> **WHAT THE TASK REQUIRES**
What you produce should match the records exactly, line for line.

(Stored entries)
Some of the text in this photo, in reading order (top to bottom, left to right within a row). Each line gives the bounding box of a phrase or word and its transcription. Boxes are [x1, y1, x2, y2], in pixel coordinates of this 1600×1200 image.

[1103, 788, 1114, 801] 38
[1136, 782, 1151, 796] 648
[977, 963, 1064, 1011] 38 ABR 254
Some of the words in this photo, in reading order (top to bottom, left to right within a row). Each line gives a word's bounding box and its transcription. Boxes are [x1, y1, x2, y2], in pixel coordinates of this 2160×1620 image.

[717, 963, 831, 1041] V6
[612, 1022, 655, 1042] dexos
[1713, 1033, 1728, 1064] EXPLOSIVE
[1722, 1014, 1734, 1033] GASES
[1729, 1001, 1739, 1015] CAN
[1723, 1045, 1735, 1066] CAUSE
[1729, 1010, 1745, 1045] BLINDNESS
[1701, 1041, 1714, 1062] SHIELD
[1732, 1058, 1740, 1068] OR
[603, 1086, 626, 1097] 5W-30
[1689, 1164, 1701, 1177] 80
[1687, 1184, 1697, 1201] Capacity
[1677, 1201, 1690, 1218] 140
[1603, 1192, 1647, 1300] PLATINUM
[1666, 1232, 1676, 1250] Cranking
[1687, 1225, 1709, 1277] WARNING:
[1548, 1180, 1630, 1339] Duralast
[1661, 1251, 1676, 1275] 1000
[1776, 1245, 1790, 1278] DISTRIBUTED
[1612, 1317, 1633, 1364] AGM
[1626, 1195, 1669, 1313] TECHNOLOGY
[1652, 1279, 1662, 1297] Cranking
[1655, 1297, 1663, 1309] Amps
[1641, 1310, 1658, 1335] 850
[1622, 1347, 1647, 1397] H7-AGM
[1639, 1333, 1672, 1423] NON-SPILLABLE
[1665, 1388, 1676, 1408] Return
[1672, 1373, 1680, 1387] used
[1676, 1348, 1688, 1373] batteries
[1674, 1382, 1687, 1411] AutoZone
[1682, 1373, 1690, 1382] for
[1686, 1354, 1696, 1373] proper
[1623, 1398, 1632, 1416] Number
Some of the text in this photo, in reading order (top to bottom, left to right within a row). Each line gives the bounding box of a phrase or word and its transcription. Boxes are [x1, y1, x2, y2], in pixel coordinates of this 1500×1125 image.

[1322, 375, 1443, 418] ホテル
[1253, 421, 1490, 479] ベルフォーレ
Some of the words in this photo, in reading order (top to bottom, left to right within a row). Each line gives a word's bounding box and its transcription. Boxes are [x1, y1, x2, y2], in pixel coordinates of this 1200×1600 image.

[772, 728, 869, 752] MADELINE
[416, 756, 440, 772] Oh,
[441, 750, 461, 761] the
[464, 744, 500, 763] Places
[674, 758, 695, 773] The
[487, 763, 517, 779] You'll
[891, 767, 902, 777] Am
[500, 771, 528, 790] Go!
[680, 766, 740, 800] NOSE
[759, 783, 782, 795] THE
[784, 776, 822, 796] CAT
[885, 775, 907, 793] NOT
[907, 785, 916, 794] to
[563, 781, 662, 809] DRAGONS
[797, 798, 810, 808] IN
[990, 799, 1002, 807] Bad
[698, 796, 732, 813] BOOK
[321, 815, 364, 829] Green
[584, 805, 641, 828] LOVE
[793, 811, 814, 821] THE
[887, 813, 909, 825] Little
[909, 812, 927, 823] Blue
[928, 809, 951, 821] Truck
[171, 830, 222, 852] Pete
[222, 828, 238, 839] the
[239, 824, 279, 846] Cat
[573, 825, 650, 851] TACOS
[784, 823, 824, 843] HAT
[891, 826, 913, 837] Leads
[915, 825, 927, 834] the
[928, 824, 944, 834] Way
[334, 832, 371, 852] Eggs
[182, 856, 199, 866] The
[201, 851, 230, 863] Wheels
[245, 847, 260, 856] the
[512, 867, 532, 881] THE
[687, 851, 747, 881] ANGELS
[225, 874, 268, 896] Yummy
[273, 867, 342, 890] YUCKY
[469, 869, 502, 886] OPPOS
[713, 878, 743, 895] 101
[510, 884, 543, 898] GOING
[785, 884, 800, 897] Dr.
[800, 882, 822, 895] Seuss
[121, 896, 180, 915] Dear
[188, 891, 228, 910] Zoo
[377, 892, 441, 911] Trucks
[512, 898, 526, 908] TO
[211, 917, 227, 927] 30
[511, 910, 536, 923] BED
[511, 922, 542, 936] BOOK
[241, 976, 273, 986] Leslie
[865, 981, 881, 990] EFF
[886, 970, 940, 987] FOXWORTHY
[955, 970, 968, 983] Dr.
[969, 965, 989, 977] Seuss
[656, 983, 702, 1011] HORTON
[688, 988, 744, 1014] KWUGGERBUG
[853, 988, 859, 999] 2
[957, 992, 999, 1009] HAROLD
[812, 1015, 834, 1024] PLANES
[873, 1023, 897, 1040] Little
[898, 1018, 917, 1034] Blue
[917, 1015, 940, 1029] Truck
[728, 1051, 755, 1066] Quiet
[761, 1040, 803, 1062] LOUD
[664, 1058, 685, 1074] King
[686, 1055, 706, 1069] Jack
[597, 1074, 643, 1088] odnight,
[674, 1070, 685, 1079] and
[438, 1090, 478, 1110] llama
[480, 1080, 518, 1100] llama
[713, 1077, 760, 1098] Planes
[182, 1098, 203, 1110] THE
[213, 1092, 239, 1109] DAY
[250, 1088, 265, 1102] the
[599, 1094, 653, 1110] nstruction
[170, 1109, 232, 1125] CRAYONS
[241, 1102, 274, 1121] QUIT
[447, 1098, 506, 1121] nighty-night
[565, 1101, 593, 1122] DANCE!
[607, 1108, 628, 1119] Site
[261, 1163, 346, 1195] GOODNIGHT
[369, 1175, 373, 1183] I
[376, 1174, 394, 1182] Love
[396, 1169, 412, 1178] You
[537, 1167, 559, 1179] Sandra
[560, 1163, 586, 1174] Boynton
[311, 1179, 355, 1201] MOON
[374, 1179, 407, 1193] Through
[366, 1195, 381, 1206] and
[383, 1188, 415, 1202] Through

> **RESULT FOR THIS EXERCISE**
Some of the text in this photo, in reading order (top to bottom, left to right within a row). Each line gives the bounding box of a phrase or word and its transcription. Boxes are [x1, y1, x2, y2], in pixel coordinates of this 1600×1200 image.

[1103, 788, 1114, 801] 38
[1136, 782, 1151, 796] 648
[977, 963, 1064, 1011] 38 ABR 254
Some of the words in this photo, in reading order (top to bottom, left to right within a row). Each line gives a word's bounding box and its transcription. Boxes are [x1, y1, x2, y2], in pixel coordinates of this 2160×1620 image.

[717, 963, 831, 1041] V6
[612, 1022, 655, 1042] dexos
[1713, 1033, 1728, 1064] EXPLOSIVE
[1722, 1014, 1734, 1033] GASES
[1729, 1001, 1739, 1015] CAN
[1723, 1045, 1735, 1066] CAUSE
[1729, 1010, 1745, 1045] BLINDNESS
[1701, 1041, 1714, 1062] SHIELD
[1732, 1058, 1740, 1068] OR
[603, 1086, 626, 1097] 5W-30
[1689, 1164, 1701, 1177] 80
[1687, 1184, 1697, 1201] Capacity
[1677, 1201, 1690, 1218] 140
[1603, 1192, 1647, 1300] PLATINUM
[1666, 1232, 1676, 1250] Cranking
[1687, 1225, 1709, 1277] WARNING:
[1548, 1180, 1630, 1339] Duralast
[1661, 1251, 1676, 1275] 1000
[1776, 1245, 1790, 1278] DISTRIBUTED
[1612, 1317, 1633, 1364] AGM
[1626, 1195, 1669, 1313] TECHNOLOGY
[1652, 1279, 1662, 1297] Cranking
[1655, 1297, 1663, 1309] Amps
[1641, 1310, 1658, 1335] 850
[1622, 1347, 1647, 1397] H7-AGM
[1639, 1333, 1672, 1423] NON-SPILLABLE
[1665, 1388, 1676, 1408] Return
[1672, 1373, 1680, 1387] used
[1676, 1348, 1688, 1373] batteries
[1674, 1382, 1687, 1411] AutoZone
[1682, 1373, 1690, 1382] for
[1686, 1354, 1696, 1373] proper
[1623, 1398, 1632, 1416] Number
Some of the text in this photo, in reading order (top to bottom, left to right within a row). Each line gives the bounding box of a phrase or word and its transcription. Boxes are [x1, y1, x2, y2], in pixel coordinates of this 1500×1125 image.

[1322, 375, 1443, 418] ホテル
[1253, 421, 1490, 479] ベルフォーレ
Some of the words in this photo, in reading order (top to bottom, left to right within a row). Each line gives a word's bounding box and its transcription. Boxes are [x1, y1, x2, y2], in pixel coordinates of this 1200×1600 image.

[772, 728, 869, 752] MADELINE
[416, 756, 440, 772] Oh,
[441, 750, 461, 761] the
[464, 744, 500, 763] Places
[674, 758, 695, 773] The
[487, 763, 517, 779] You'll
[891, 767, 902, 777] Am
[500, 771, 528, 790] Go!
[680, 766, 740, 800] NOSE
[759, 783, 782, 795] THE
[784, 776, 822, 796] CAT
[885, 775, 907, 793] NOT
[907, 785, 916, 794] to
[563, 781, 662, 809] DRAGONS
[797, 798, 810, 808] IN
[990, 799, 1002, 807] Bad
[698, 796, 732, 813] BOOK
[321, 815, 364, 829] Green
[584, 805, 641, 828] LOVE
[793, 811, 814, 821] THE
[887, 813, 909, 825] Little
[909, 812, 927, 823] Blue
[928, 809, 951, 821] Truck
[171, 830, 222, 852] Pete
[222, 828, 238, 839] the
[239, 824, 279, 846] Cat
[573, 825, 650, 851] TACOS
[784, 823, 824, 843] HAT
[891, 826, 913, 837] Leads
[915, 825, 927, 834] the
[928, 824, 944, 834] Way
[334, 832, 371, 852] Eggs
[182, 856, 199, 866] The
[201, 851, 230, 863] Wheels
[245, 847, 260, 856] the
[512, 867, 532, 881] THE
[687, 851, 747, 881] ANGELS
[225, 874, 268, 896] Yummy
[273, 867, 342, 890] YUCKY
[469, 869, 502, 886] OPPOS
[713, 878, 743, 895] 101
[510, 884, 543, 898] GOING
[785, 884, 800, 897] Dr.
[800, 882, 822, 895] Seuss
[121, 896, 180, 915] Dear
[188, 891, 228, 910] Zoo
[377, 892, 441, 911] Trucks
[512, 898, 526, 908] TO
[211, 917, 227, 927] 30
[511, 910, 536, 923] BED
[511, 922, 542, 936] BOOK
[241, 976, 273, 986] Leslie
[865, 981, 881, 990] EFF
[886, 970, 940, 987] FOXWORTHY
[955, 970, 968, 983] Dr.
[969, 965, 989, 977] Seuss
[656, 983, 702, 1011] HORTON
[688, 988, 744, 1014] KWUGGERBUG
[853, 988, 859, 999] 2
[957, 992, 999, 1009] HAROLD
[812, 1015, 834, 1024] PLANES
[873, 1023, 897, 1040] Little
[898, 1018, 917, 1034] Blue
[917, 1015, 940, 1029] Truck
[728, 1051, 755, 1066] Quiet
[761, 1040, 803, 1062] LOUD
[664, 1058, 685, 1074] King
[686, 1055, 706, 1069] Jack
[597, 1074, 643, 1088] odnight,
[674, 1070, 685, 1079] and
[438, 1090, 478, 1110] llama
[480, 1080, 518, 1100] llama
[713, 1077, 760, 1098] Planes
[182, 1098, 203, 1110] THE
[213, 1092, 239, 1109] DAY
[250, 1088, 265, 1102] the
[599, 1094, 653, 1110] nstruction
[170, 1109, 232, 1125] CRAYONS
[241, 1102, 274, 1121] QUIT
[447, 1098, 506, 1121] nighty-night
[565, 1101, 593, 1122] DANCE!
[607, 1108, 628, 1119] Site
[261, 1163, 346, 1195] GOODNIGHT
[369, 1175, 373, 1183] I
[376, 1174, 394, 1182] Love
[396, 1169, 412, 1178] You
[537, 1167, 559, 1179] Sandra
[560, 1163, 586, 1174] Boynton
[311, 1179, 355, 1201] MOON
[374, 1179, 407, 1193] Through
[366, 1195, 381, 1206] and
[383, 1188, 415, 1202] Through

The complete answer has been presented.